Assim, a exposição da intimidade, mesmo o que antes era resguardado com tabus como
o mais íntimo, a vida sexual, já não é mais tão grave, uma vez que a intimidade perdeu
o seu peso (grave significa pesado). Além disso, no fluxo constante, toda exposição,
logo se torna ultrapassada e se converte em ruínas. E a curiosidade que ela desperta, só
se mantém se for insistentemente realimentada. Como faz o clã kardashian.
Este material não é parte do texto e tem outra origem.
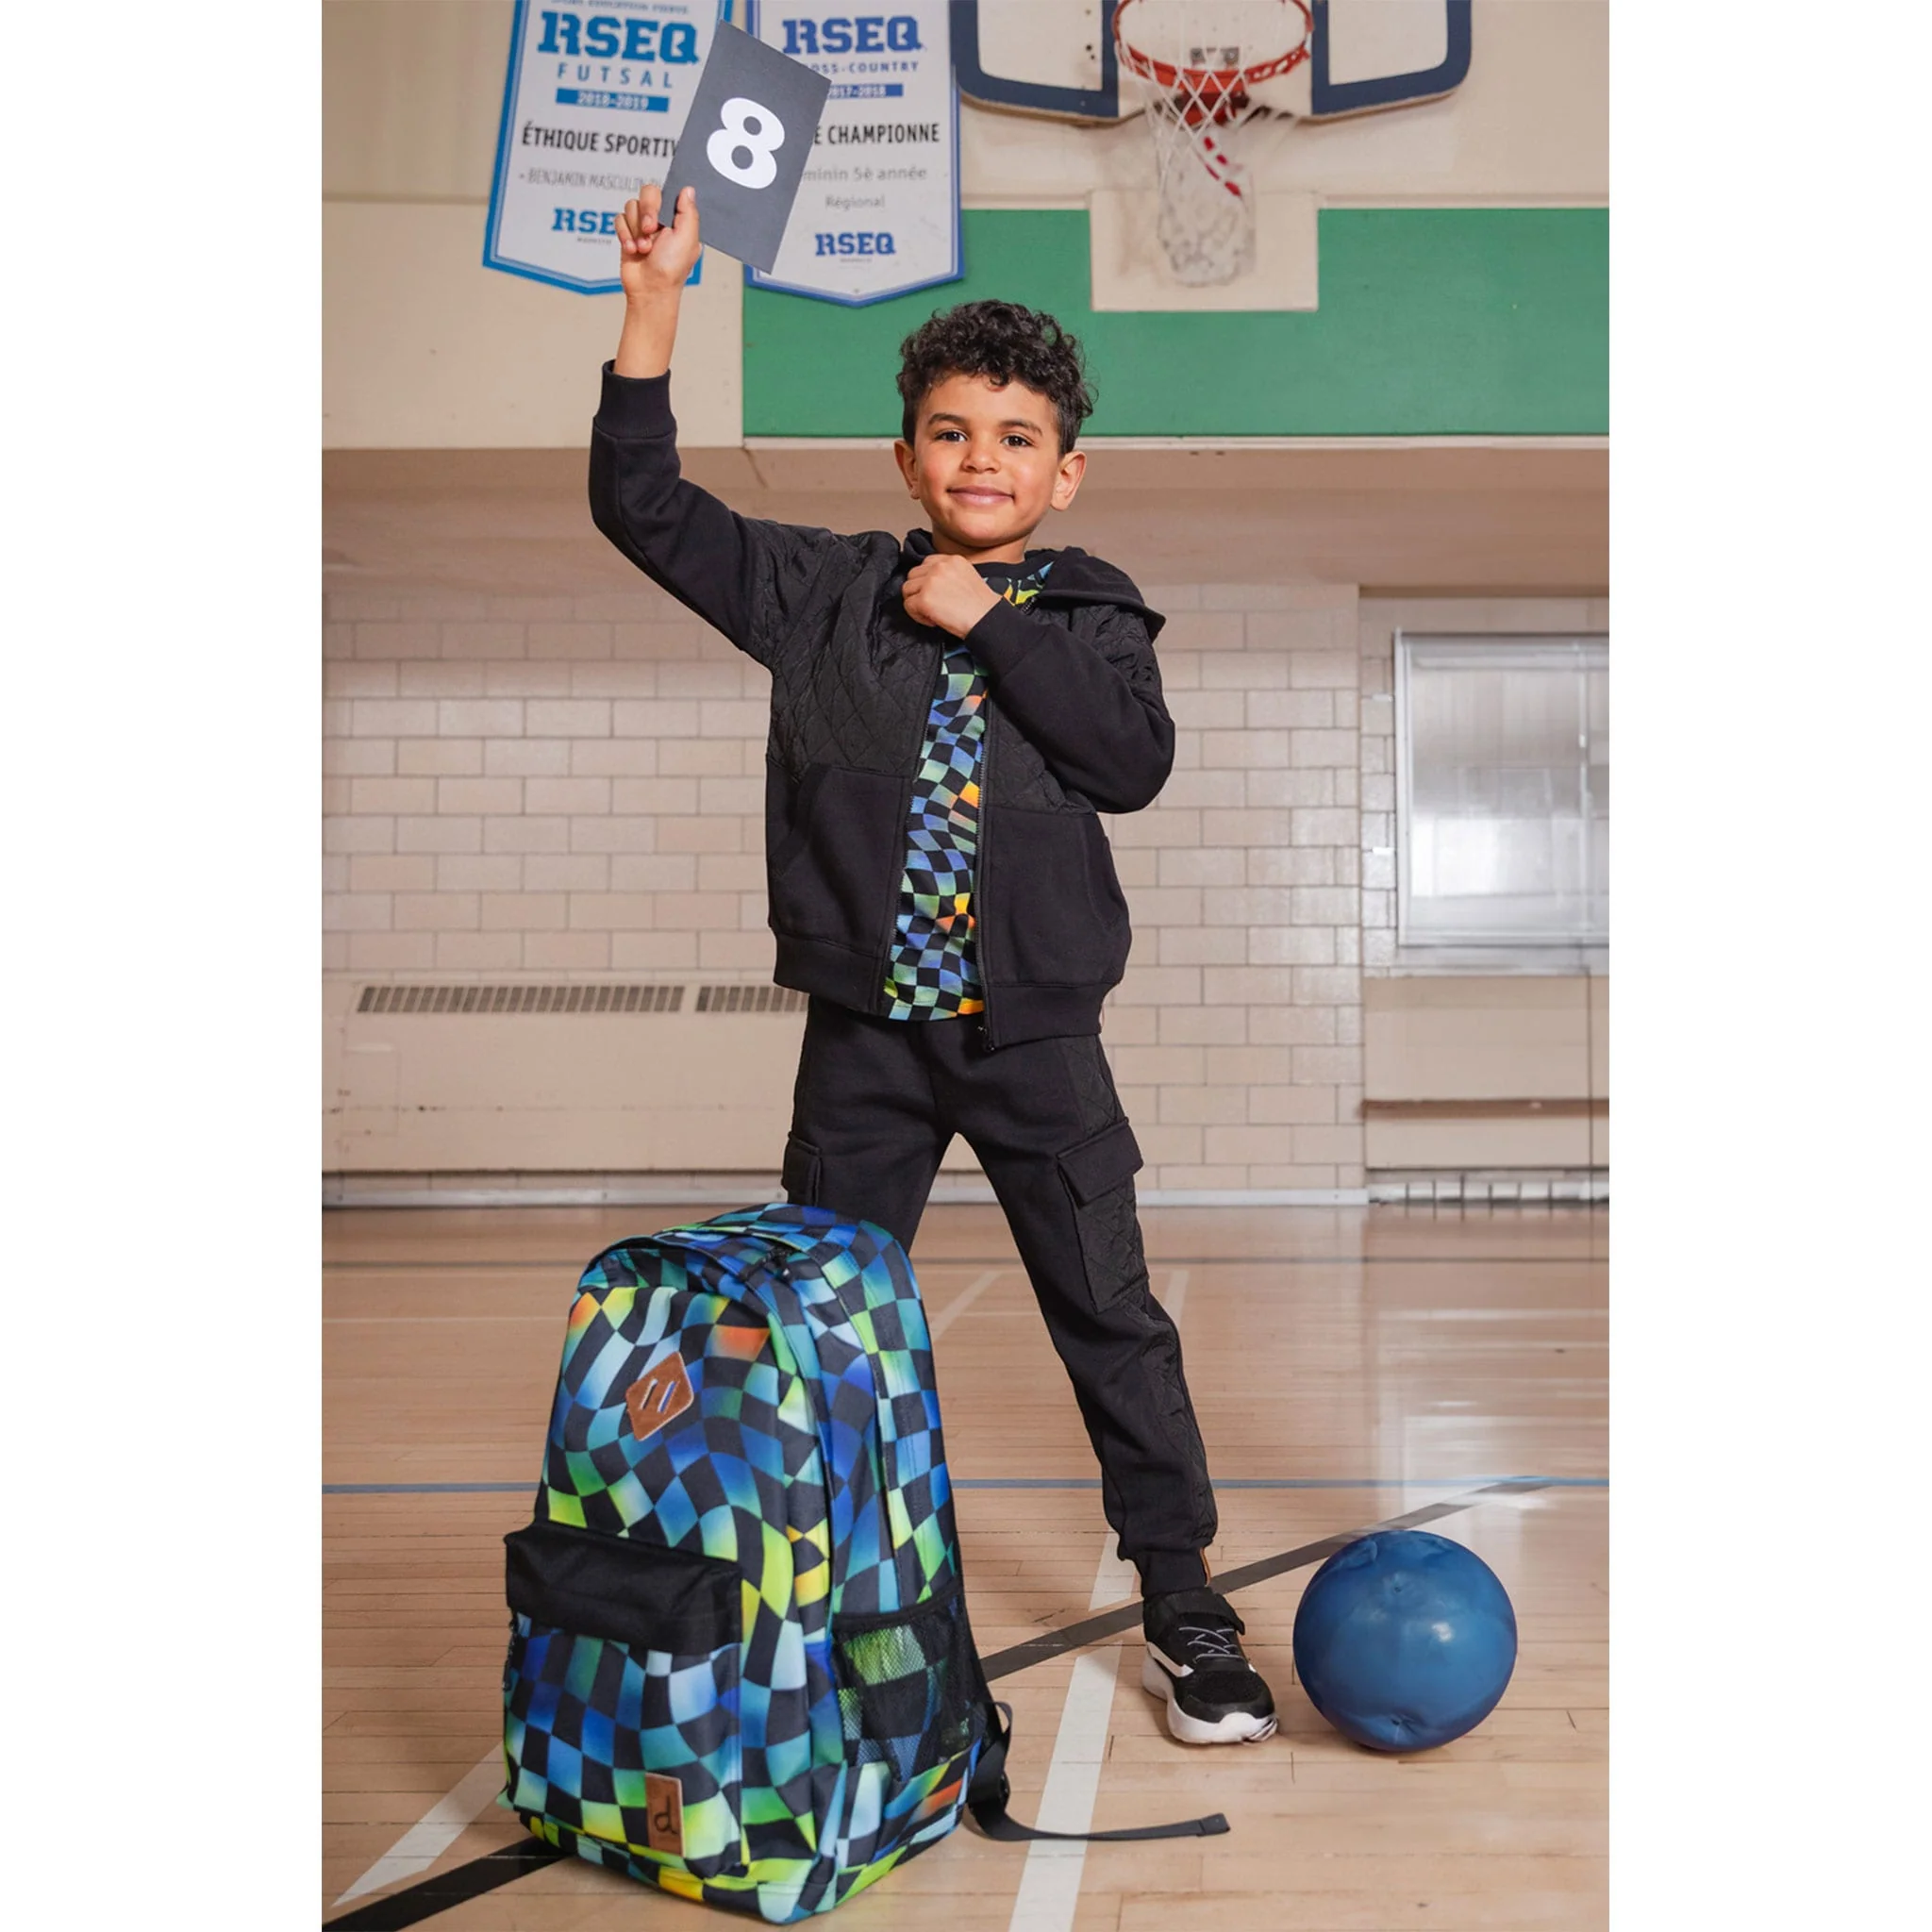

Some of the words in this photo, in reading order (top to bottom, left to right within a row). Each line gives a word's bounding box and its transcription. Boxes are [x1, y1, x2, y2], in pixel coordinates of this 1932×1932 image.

[538, 11, 699, 64] RSEQ
[782, 15, 922, 54] RSEQ
[558, 63, 673, 89] FUTSAL
[809, 61, 919, 75] OSS-COUNTRY
[522, 120, 599, 152] ÉTHIQUE
[707, 97, 785, 189] 8
[827, 123, 941, 144] CHAMPIONNE
[877, 164, 927, 181] année
[552, 208, 618, 236] RSE
[815, 232, 897, 257] RSEQ
[654, 1795, 678, 1835] d
Ou seja, ao
fim, para quem quer se valer dela, a exposição da intimidade reverte em forma de
produzir capital.
Esse assunto poderia continuar procurando-se entender a relação dele (em particular, da
exposição da intimidade) com a era dos reality shows, que vai envelhecendo, e como
nos dois casos, uma mesma ideia de gozar pela semi-delinqüencia de ultrapassar uma
linha divisória entre o acesso e a invasão, entre o que seria interdito e o que se poderia
ver, estão em ação. Tudo deve se tornar transparência, e o modelo de invasão ou do
atentado contra a intimidade (Pânico na TV, CQC, etc.) é uma forma de entretenimento
que é muito bem remunerado justo por oferecer ao seu público a perversa demolição da
privacidade. Uma privacidade já reduzida ao mínimo, rala e suspeita, já que aqueles que
se sentem feridos por essa invasão, que coloca centenas de milhares de olhos pelo
buraco da fechadura, é em geral aquela celebridade que, também ela, deve profanar sua
própria privacidade para obter visibilidade no mercado. O conceito dos programas
citados é só o de um surf parasitário da visibilidade instalada pelo número e a demolição
da intimidade. Ou seja, um surf sobre o selfie.